As the SEC and CFTC work
feverishly to implement the many
provisions of the Dodd-Frank
Wall Street Reform and Consumer
Protection Act, uncertainty will
rule the day, according to
Cleary Gottlieb partner and
former Corporation Finance
Division Director Alan Beller.
The uncertainty will hinder the
operation of the markets and of
major financial institutions, he
predicted. Beller was one of
several panelists at the
Practising Law Institute’s
Securities Regulation Institute
who discussed the far-reaching
implications of the Dodd-Frank
Act.
Former SEC
Commissioner Annette Nazareth,
now a partner at Davis Polk &
Wardwell, addressed the law’s
provisions for the regulation of
swaps and OTC derivatives. She
noted that the Dodd-Frank Act
seeks to regulate an entire
market that was previously
mostly unregulated. Its
provisions take for granted
market practices that have been
developed over many years, she
said.
Beller agreed,
noting that the industry has
been working its way toward
better regulation of the
securities markets since 1933,
and of the debt markets since
the 1960s. With respect to OTC
derivatives, the Dodd-Frank Act
is asking regulators to do
between 40 and 60 years of work
“in the blink of an eye,” he
said.
Nazareth said that
the swaps jurisdictional
allocation is awkward. Most of
the market will be regulated by
the CFTC, she noted, but
practitioners will still have to
deal with two parallel regimes.
Another key issue, in her view,
is defining the new term “major
market participant.” These
entities are going to have to
register, she noted, so it is
very important to industry
participants how that term gets
defined.
George Madison,
the Treasury Department’s
general counsel, discussed the
Act’s attempt to address
systemic risk through the
creation of the Financial
Stability Oversight Council (“FSOC”).
He said that it is important to
remember that in the autumn of
2008, the financial system was
on the brink of collapse.
Regulators had to make very
difficult decisions over
weekends, including in many
areas where they did not have
express authority, he said.
The Dodd-Frank Act
tried to remedy this situation
with the FSOC, a 15-member group
charged with monitoring the
financial services marketplace
and coordinating regulatory
efforts among many federal
agencies and state regulators.
The FSOC will collect
information from various
agencies, Madison noted, and
will try to respond to emerging
risks.
Beller said that
for those industry participants
that lived through the Lehman
weekend, the FSOC seems like a
leisurely bureaucratic process.
He asked whether the FSOC will
have a better risk radar system
than was in place before.
Madison said that
regulators did not have much
data on financial services firms
before, and the new framework
improves the situation by
pulling in that data and
enabling the FSOC to identify
potential threats to the system.
With respect to the detection of
risks, he noted that it is
unlikely that a firm will be put
into the liquidation process
without already being designated
as a potential problem and,
therefore, being subject to
enhanced scrutiny.
Derek Bush, a
partner at Cleary Gottlieb, said
that the dynamics of the FSOC
should be fascinating.
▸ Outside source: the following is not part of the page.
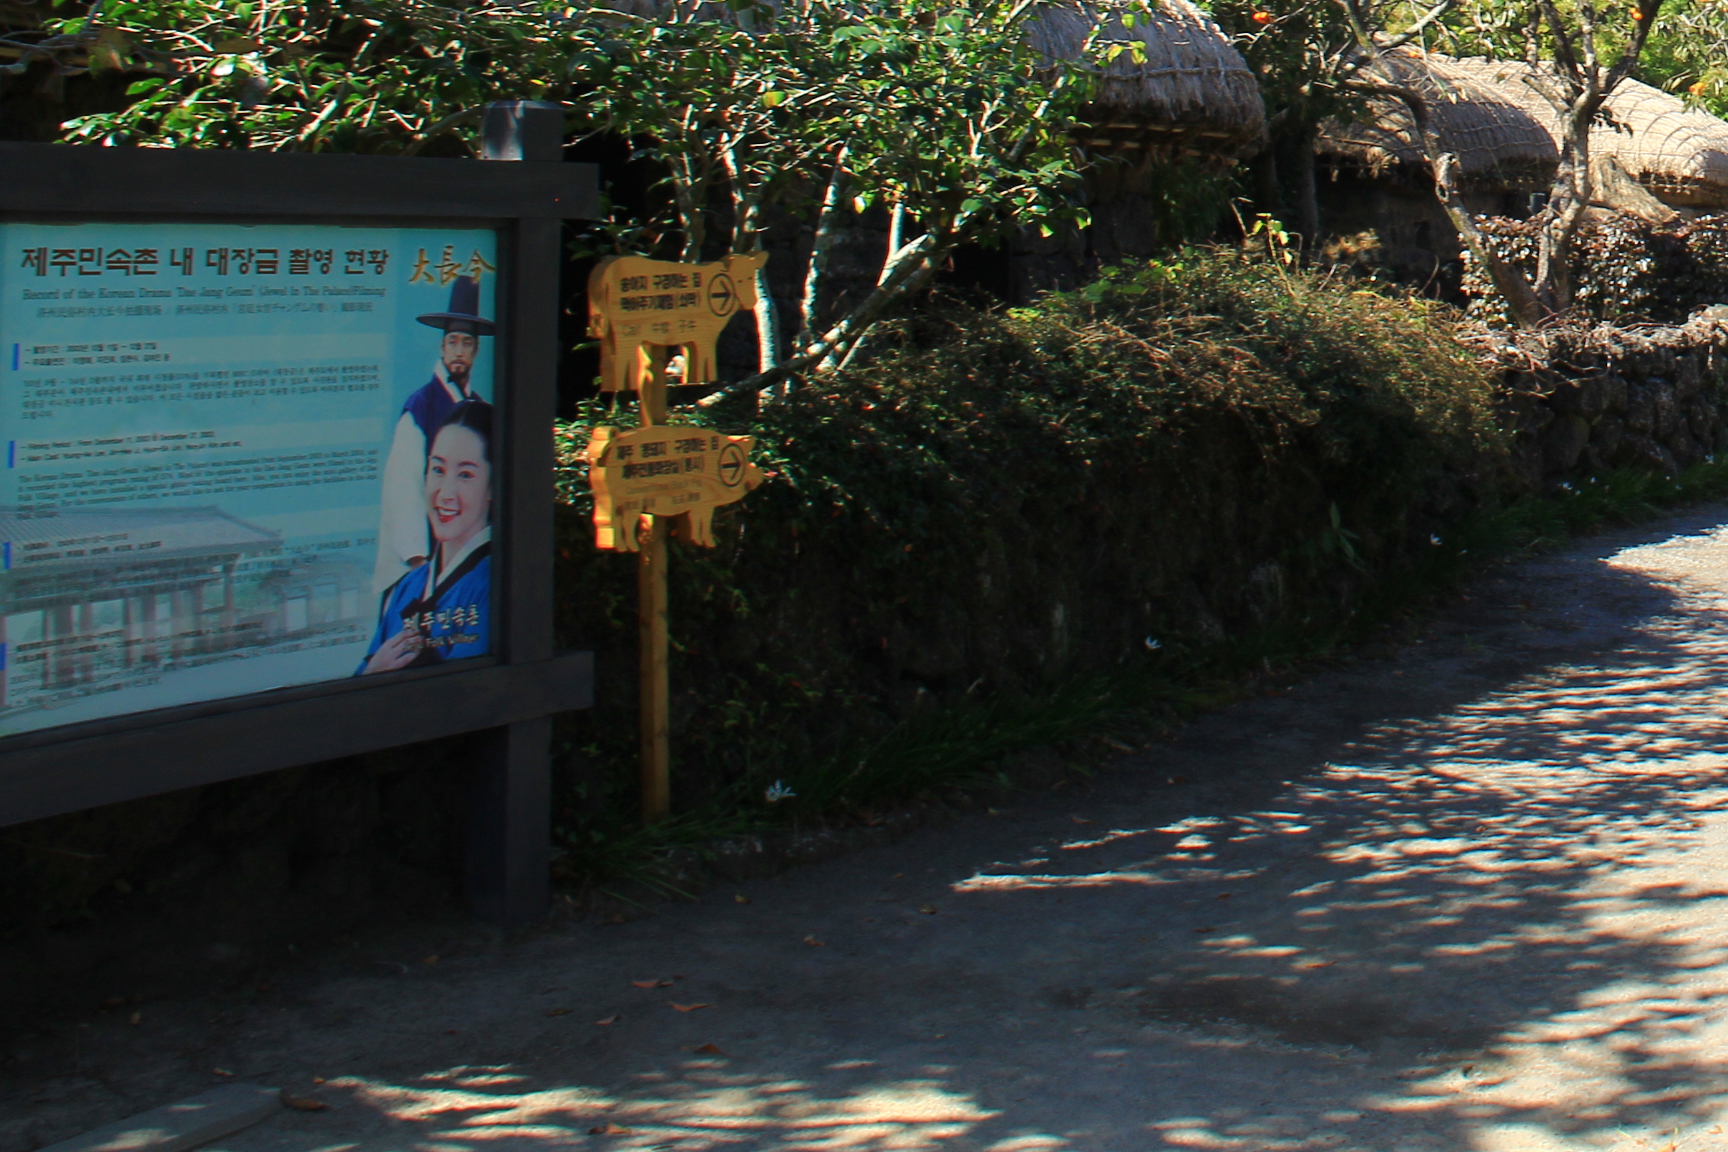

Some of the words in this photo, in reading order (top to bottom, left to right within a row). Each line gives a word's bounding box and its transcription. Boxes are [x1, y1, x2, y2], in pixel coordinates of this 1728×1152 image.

There
will be many different federal
agencies at the table, with the
Treasury Secretary serving as
chair and having veto authority.
It will be interesting to see
what voting blocks form among
the many different agencies, he
said.
Bush addressed the
problems associated with trying
to deal with financial
institutions that are considered
too big to fail. He said the
first problem is determining how
large and interconnected a firm
needs to be to be considered too
big to fail. He noted that there
is still widespread disagreement
on whether Lehman Brothers was
too big to fail.
Size limits for
financial institutions have
generally been rejected, he
said. Instead, a consensus has
emerged that global standards
are needed to address the issue.
International organizations such
as the G-20 and the Financial
Stability Board have committed
to global standards, but many
industry participants fear that
national sovereignty and
protectionist impulses will
interfere, he noted.
Among the
questions that will have to be
addressed, he said, is whether
there is a way to prevent firms
from becoming too big in the
first place and, if they do,
whether regulators should force
them to shrink. When it is time
to work out the details, it will
be very hard for regulators to
stay on the same page, and
disputes are sure to arise, Bush
said.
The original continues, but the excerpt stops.